Clinton's presidency was pivotal for other reasons, too. The crime bill he signed into law in 1994 played a major role in swelling incarceration rates, disproportionately harming people of color, and a draconian revision to reduce welfare benefits in 1996 doubled the number of Americans living in extreme poverty. During his second term, bills he signed to eliminate the firewall between commercial and investment banking and prevent regulation of credit default swaps would later play a substantial role in causing the economic crisis of 2008.
Economic inequality has expanded dramatically since the 1990s. NAFTA, combined with Clinton's push to liberalize trade policy with China despite its human rights abuses, has cost American workers, especially in a manufacturing sector that typically doesn't require college degrees, millions of jobs. The repercussions of NAFTA, fairly or not, likely hurt his partner Hillary Clinton when she ran for President in 2016: when I knocked doors for her in my hometown of Green Bay, Wisconsin, working-class voters often referenced Bill Clinton's support for NAFTA as a reason they either would not vote or would vote for Donald Trump.
The most lasting legacy of the Clinton administration, thirty years after its beginning, is the growing sense among American workers that Democrats, until very recently, have abandoned the idea that government can make their lives better short of some limited efforts to provide them job skills. Instead, Clinton is perhaps as responsible as any other single person in the UiSi for the faulty notion that education—not global competition or corporations that prevent workers from unionizing and actively work to keep wages down—is responsible for determining access to economic opportunity.
This path led, in part, to the election of Donald Trump in 2016 and the threats to our democracy that came after that. In 2016, Trump won the votes of 50% of Americans without college degrees (to Hillary Clinton's 43%) while whites without college degrees represented perhaps Trump's most important demographic margin (64-28%). We should not, of course, ignore the racial dimension to those numbers (clearly white non-college graduates flocked to Trump in a way non-graduates of color did not), but we should also note the extent to which Trump increased his support from minority voters from 2016 to 2020.

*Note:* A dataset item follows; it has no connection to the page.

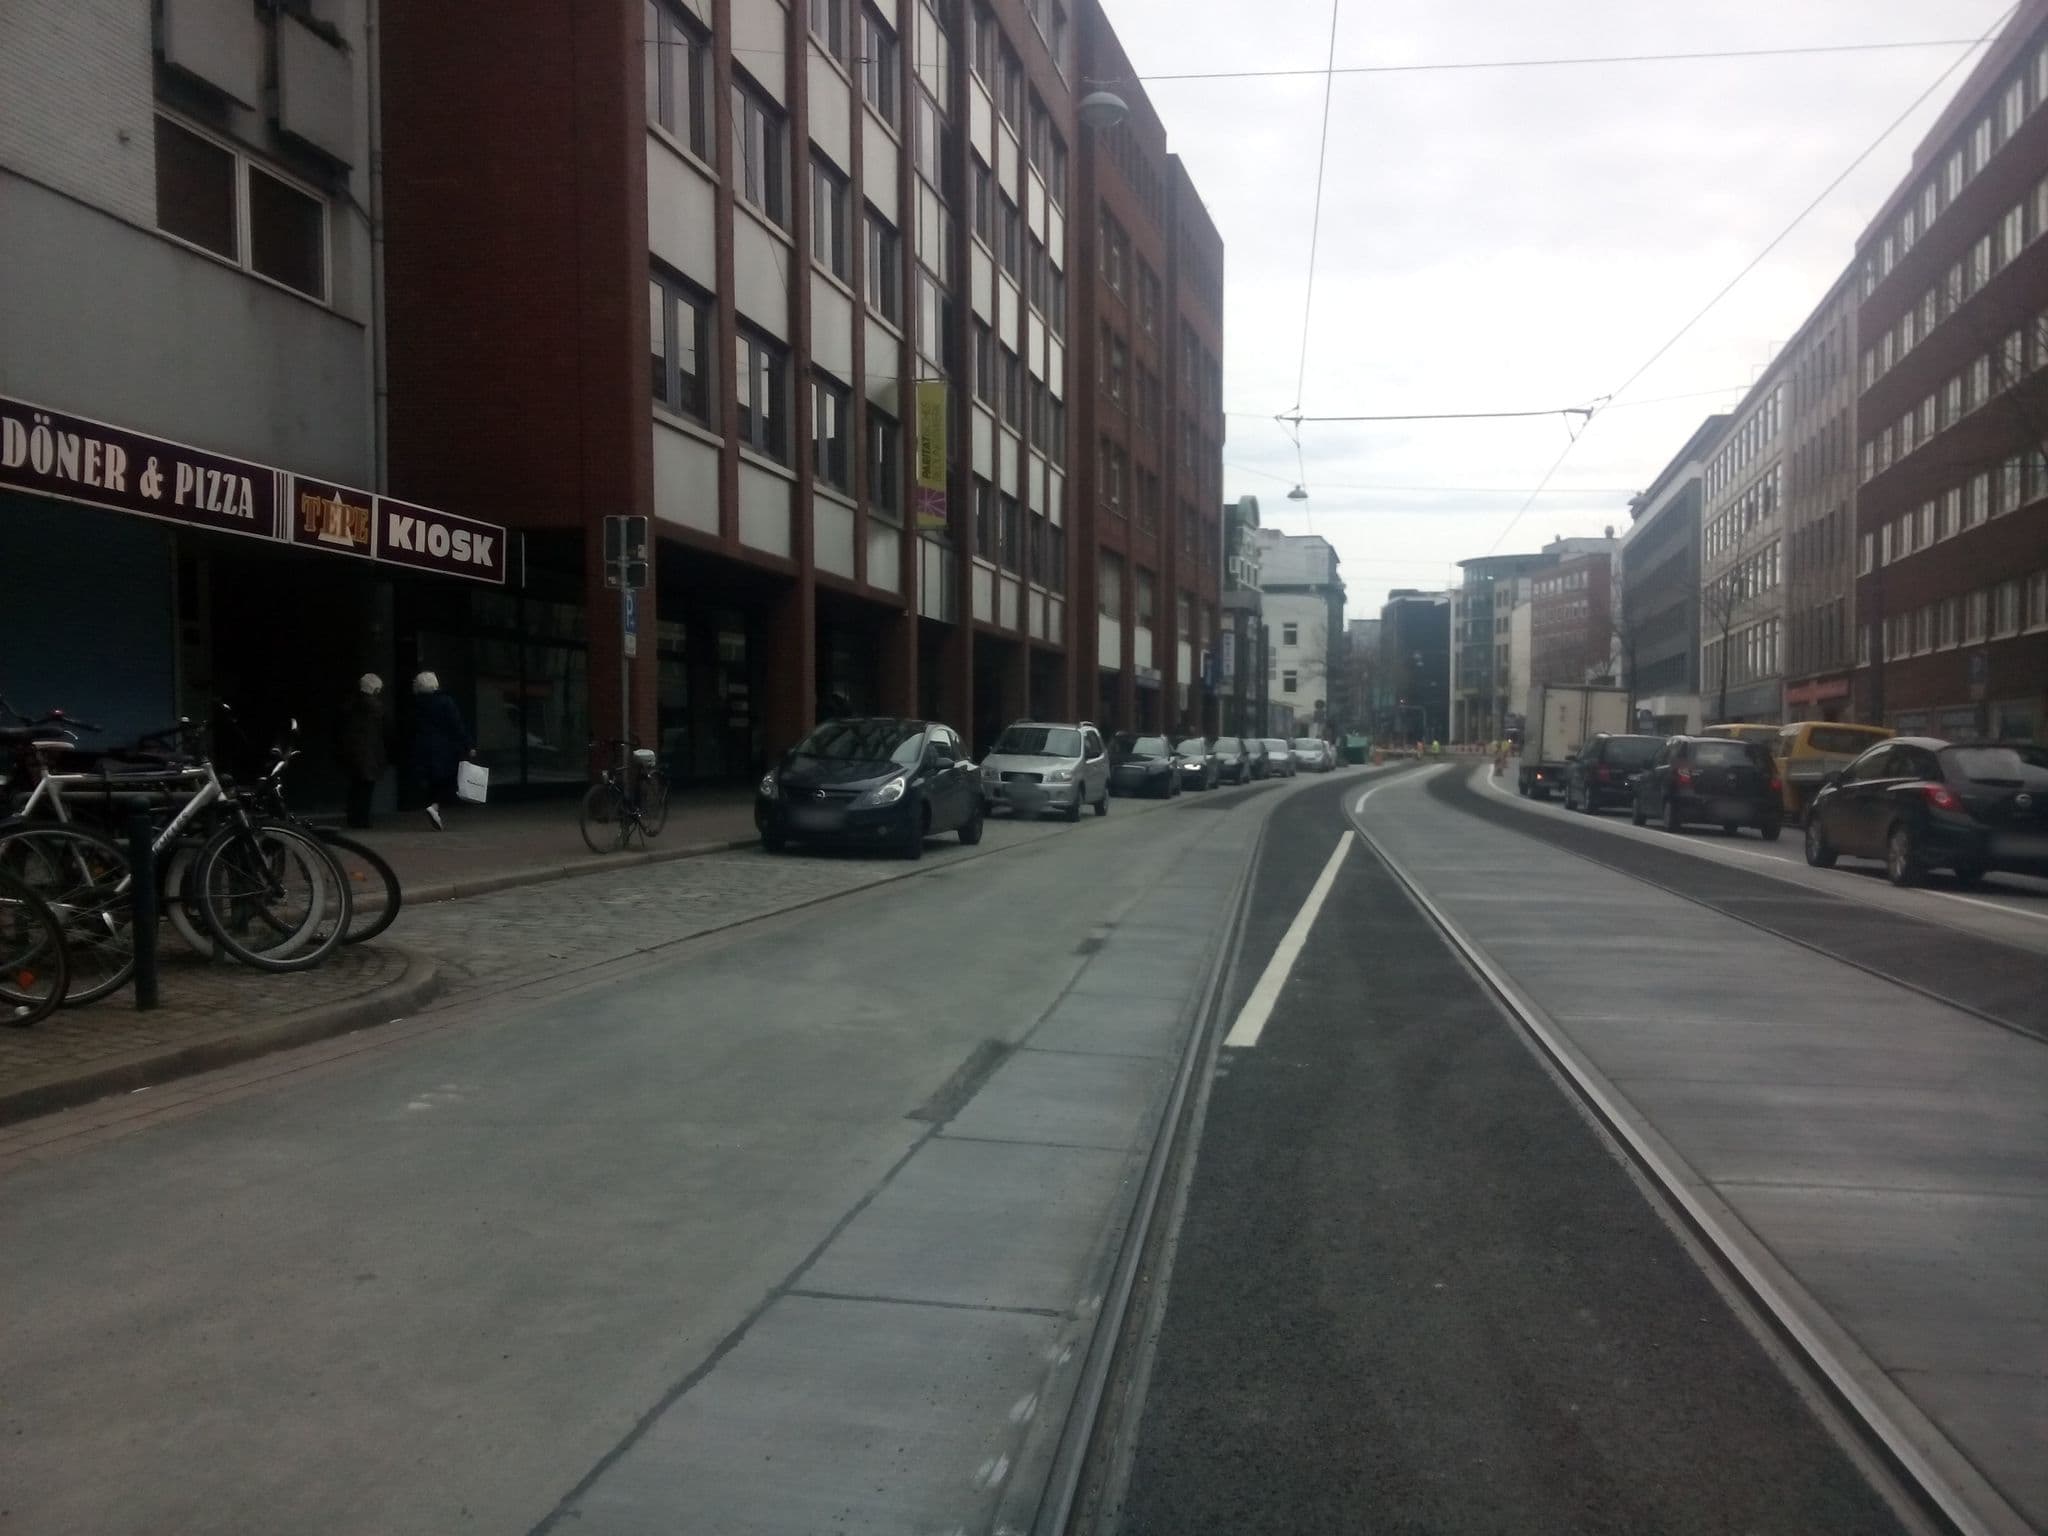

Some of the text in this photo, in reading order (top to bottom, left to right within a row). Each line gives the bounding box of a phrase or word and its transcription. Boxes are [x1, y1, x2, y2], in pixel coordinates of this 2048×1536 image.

Though Joe Biden won a narrow victory in the electoral college in 2020 , he only won a handful of the nation's 265 counties with the highest percentage of blue-collar workers. Relying on college-educated voters is not a recipe for long-term success both because that strategy is partially responsible for our nation's political contentiousness, and because, quite simply, the overwhelming majority of American adults don't have a college degree.

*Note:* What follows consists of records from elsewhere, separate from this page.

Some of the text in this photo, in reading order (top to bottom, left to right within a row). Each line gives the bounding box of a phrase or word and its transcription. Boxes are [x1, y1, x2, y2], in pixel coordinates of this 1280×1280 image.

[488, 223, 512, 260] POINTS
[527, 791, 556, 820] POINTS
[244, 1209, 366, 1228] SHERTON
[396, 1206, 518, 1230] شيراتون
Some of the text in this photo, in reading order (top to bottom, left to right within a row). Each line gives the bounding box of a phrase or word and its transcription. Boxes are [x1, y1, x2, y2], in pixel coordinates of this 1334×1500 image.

There is reason for encouragement under the Biden administration: the bipartisan infrastructure bill was premised in large part on creating good jobs for working people, the National Labor Relations Board has made it easier for workers to unionize, and the Federal Trade Commission has proposed a rule limiting employers' abuse of non-competition agreements, for example.
But if Democrats are going to be successful in beating back the threat of right-wing nationalism ushered in by Trump, they have to move even more squarely toward the promise of economic security for all Americans that was central to the party before Clinton did so much to shift away from it. On the left, we need to fight tooth and nail for programs that will help all working people, like a federal jobs guarantee, and push Democrats across the nation to ensure meaningful labor law reform and truly universal healthcare are at the very top of their agenda. Moving away from the decades of lowered expectations the Clinton era initiated is now more crucial than ever.